The Nikon also struggles in fairly modest contrast without ND filters. And it’s HDR mode takes just two frames and is weak. My iPhone 12 again out performs it.

While riding I don’t want to be swapping on and off ND and graduated filters but the Z50 blows bright skies so badly and dialing the exposure way down the landscape shadows lose details in post recovery.

I would auto bracket and stack images on my PC except on the Z50 this requires manually dialing the number of frames and firing each off then dialing back the frames to zero before you can exit. It actually has no one button ‘auto’ bracketing to easy fire off 5 or 7 frames like the other cameras.

I wish reviewers had explored the Z50 more instead of stupid pixel count and full frame comparisons.
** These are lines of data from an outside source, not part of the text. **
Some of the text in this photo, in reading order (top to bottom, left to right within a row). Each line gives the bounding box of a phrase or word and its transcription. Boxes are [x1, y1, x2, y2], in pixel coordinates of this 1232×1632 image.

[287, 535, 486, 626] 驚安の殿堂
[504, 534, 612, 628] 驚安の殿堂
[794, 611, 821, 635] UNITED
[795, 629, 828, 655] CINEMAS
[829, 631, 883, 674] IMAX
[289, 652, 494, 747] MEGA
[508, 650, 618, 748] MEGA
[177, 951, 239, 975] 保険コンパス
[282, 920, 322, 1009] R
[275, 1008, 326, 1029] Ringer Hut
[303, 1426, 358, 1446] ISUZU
But I should know by now The Silliness of Most Camera Reviews.

The enjoyable part

The EVF is good as is the tactile experience. The Z50 has best grip of the three cameras.

It also has the best focus. The Canon would focus on anything except me using self timer and missed heaps of other shots. The Lumix was better but the Z50 almost perfect.
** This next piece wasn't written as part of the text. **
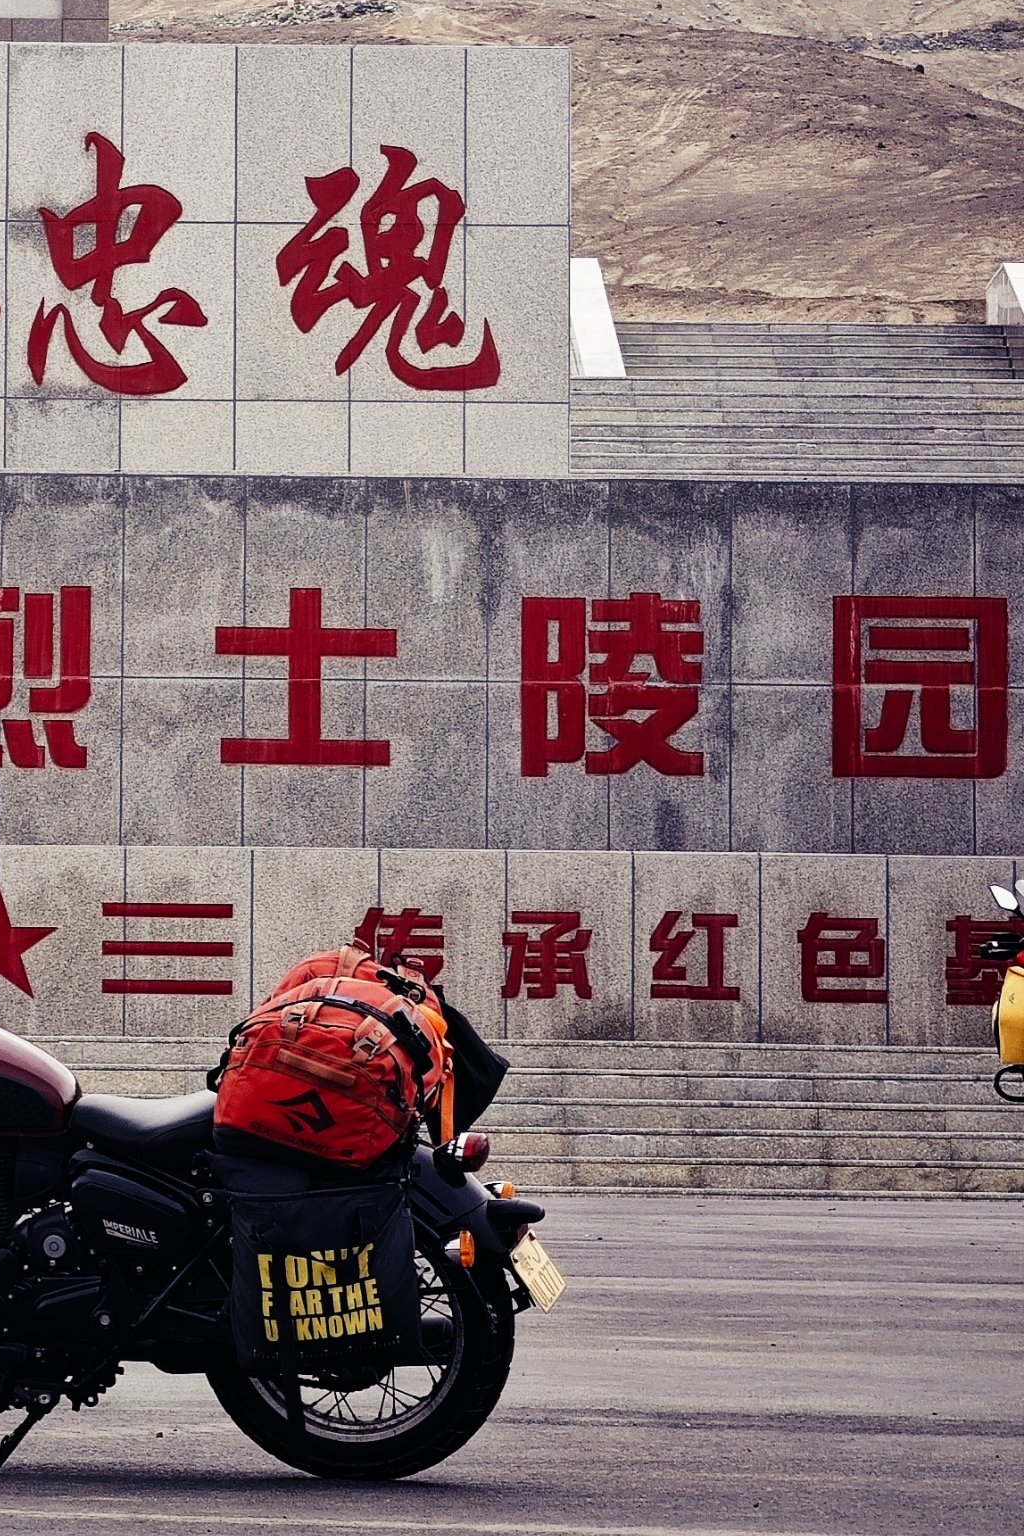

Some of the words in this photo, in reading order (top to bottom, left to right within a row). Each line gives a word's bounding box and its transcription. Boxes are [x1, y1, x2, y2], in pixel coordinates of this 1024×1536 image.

[102, 1218, 159, 1244] IMPERIALE
[262, 1289, 323, 1317] FAR
[328, 1278, 381, 1313] THE
[264, 1306, 383, 1342] UKNOWN
I like how when I flip the screen down it goes into selfie mode with two second shutter delay countdown and I missed having a flash on the Lumix more than I expected and a tilting screen.

I like the scene mode is on main dial and there is no spring loaded lock button I have to hold down – I despised that on the Canon and how it’s functions were buried deep in menus.
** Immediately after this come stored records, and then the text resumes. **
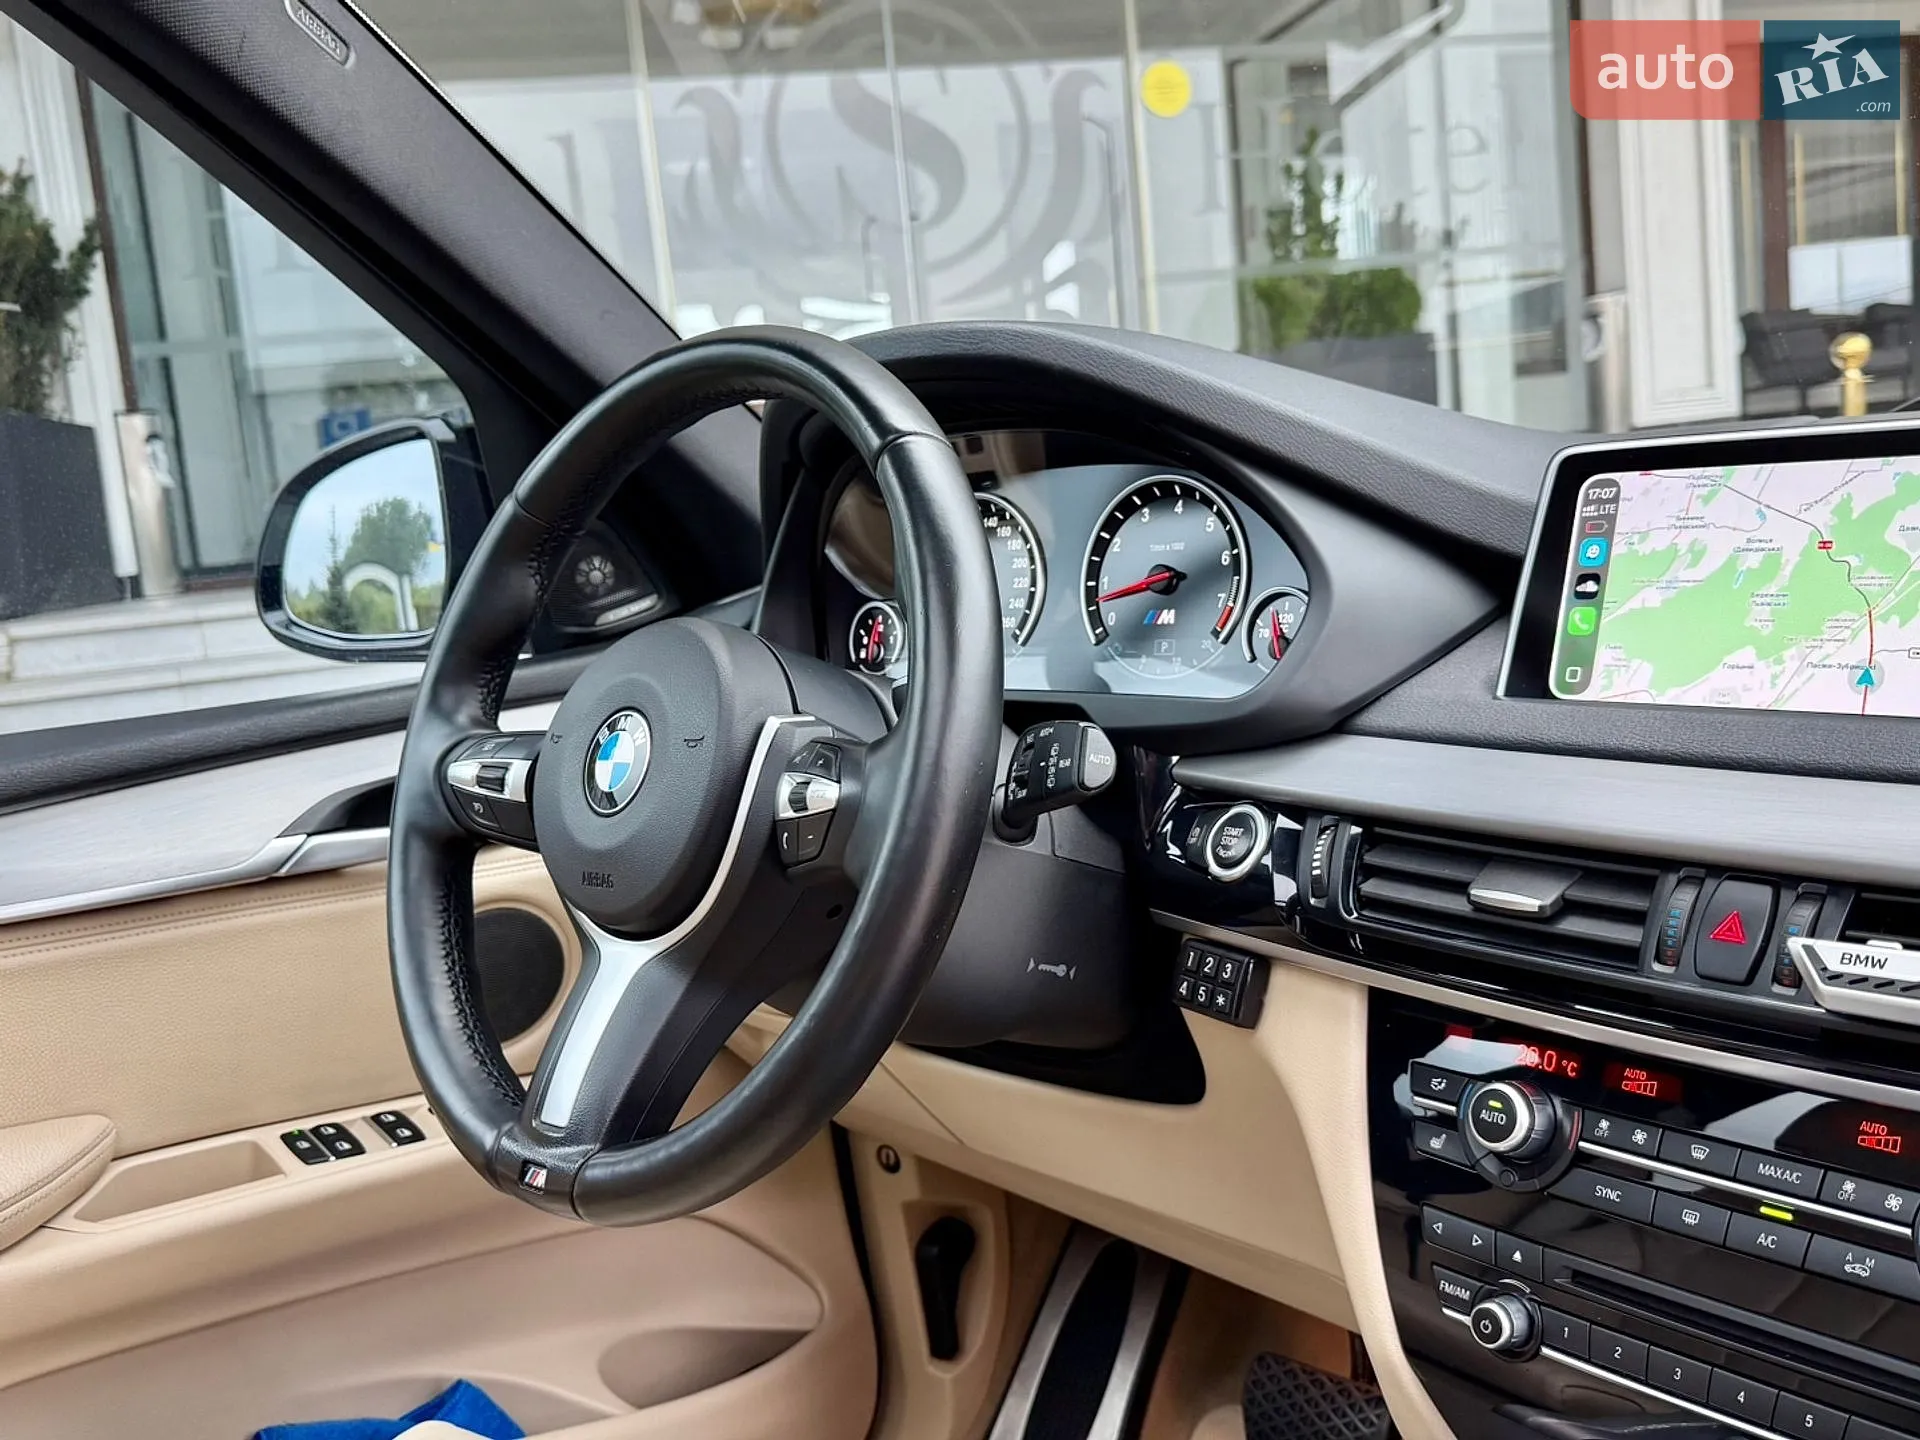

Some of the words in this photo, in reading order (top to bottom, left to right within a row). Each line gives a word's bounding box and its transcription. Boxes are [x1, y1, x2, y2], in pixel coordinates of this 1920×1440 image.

[1588, 487, 1617, 500] 17:07
[1174, 500, 1183, 515] 4
[1600, 504, 1617, 515] LTE
[983, 516, 998, 528] 140
[1141, 508, 1150, 522] 3
[1206, 517, 1214, 531] 5
[996, 526, 1012, 537] 160
[1007, 540, 1021, 550] 180
[1112, 538, 1121, 552] 2
[1012, 558, 1028, 568] 200
[1221, 551, 1230, 565] 6
[1012, 578, 1029, 588] 220
[1102, 576, 1109, 590] 1
[1009, 598, 1025, 609] 240
[1218, 593, 1226, 608] 7
[1108, 612, 1116, 626] 0
[1278, 613, 1294, 623] 120
[1258, 628, 1270, 638] 70
[1161, 641, 1168, 653] P
[599, 713, 646, 746] BMW
[1089, 754, 1110, 765] AUTO
[1223, 826, 1244, 836] START
[1220, 836, 1239, 846] STOP
[581, 871, 614, 889] AIRBAG
[1187, 951, 1194, 967] 1
[1203, 957, 1214, 973] 2
[1222, 963, 1232, 978] 3
[1840, 952, 1889, 970] BMW
[1179, 981, 1188, 996] 4
[1197, 986, 1207, 1002] 5
[1514, 1044, 1557, 1073] 20.0
[1561, 1060, 1579, 1077] °C
[1624, 1067, 1647, 1080] AUTO
[1479, 1109, 1507, 1125] AUTO
[1594, 1128, 1609, 1139] OFF
[1860, 1120, 1888, 1136] AUTO
[1758, 1163, 1784, 1180] MAX
[1783, 1168, 1802, 1184] A/C
[1594, 1185, 1622, 1202] SYNC
[1838, 1191, 1856, 1202] OFF
[1756, 1232, 1777, 1249] A/C
[1845, 1251, 1852, 1261] A
[1865, 1257, 1875, 1269] M
[1439, 1280, 1471, 1301] FM/AM
[1563, 1327, 1569, 1338] 1
[1614, 1346, 1622, 1359] 2
[1673, 1368, 1681, 1380] 3
[1737, 1391, 1745, 1404] 4
[1804, 1414, 1813, 1427] 5
However the Z50 disappoints in my amateur hands.

As far as photography goes I enjoy getting an image in my mind for a scene then the composition and lastly seeing I got it fairly right in camera. I’m happiest shooting jpeg and doing minor fixes. I appreciate people create amazing images in modern raw development software but I find post processing laborious and not interested in graphic art imagery.

The Lumix had no trouble producing photos equal to and sometimes better than the iPhone 12, just not sharp enough. The only photos I have used from the Z50 on the blog are where I had no alternative images on phone which always takes a better photo.

Les jeux sont faits

Canon G1XM3 – Lumix LX100M2 – Nikon Z50. There is a good amateur’s camera there if I could cherry pick items from each. I’d like the Lumix controls and processing with the Canon’s colour and dynamic range and the Nikons EVF and focus.

Manufacturers could build that camera if they chose to. They could have had computational photography in cameras. They claim it’s not possible same as saying they cannot connect a camera direct to net, something even a fridge does.

The biggest electronics chain in Japan has stopped selling cameras in all it’s stores. The end of an era. I’d love to see a compelling new amateurs camera but I think game is up and the market will continue to shrink to just professional models sold in specialty stores.

I sold the Z50. It helped pass some time during the 2nd year of Covid and with a great residual I got most of my money back. A good learning with a positive ending.

2 Comments

  1. In early 2020 I moved from my battered old Nikon D3200 with some cheap – but good for me – plasticky lenses, to a Fujifilm X-T200 with a weather sealed 23mm prime (35mm equiv) and a weather sealed 16-80 used lens. So far I find the quality to be excellent, and the camera is smaller and fits on the bike better than the Nikon did. The X-T200 itself is a bit plastic but doesn’t feel delicate.
    I did look at the Z50, but it looked like Nikon were committed to crop sensors, and I didn’t want to use a converter on my battered F lenses, so I sold up at Nakano Fujiya and traded across.
    Other cameras I use on the bike are a Sony RX100 Mk1 I bought used for 10,000yen a couple of years ago which is excellent but has Sony’s silly UI decisions, my smartphone, and sometimes a GoPro 7.

    • The Sony RX100 series perhaps would have been a good choice for me. I find my iPhone 12 Max can capture a pretty good photo and I may not buy another camera.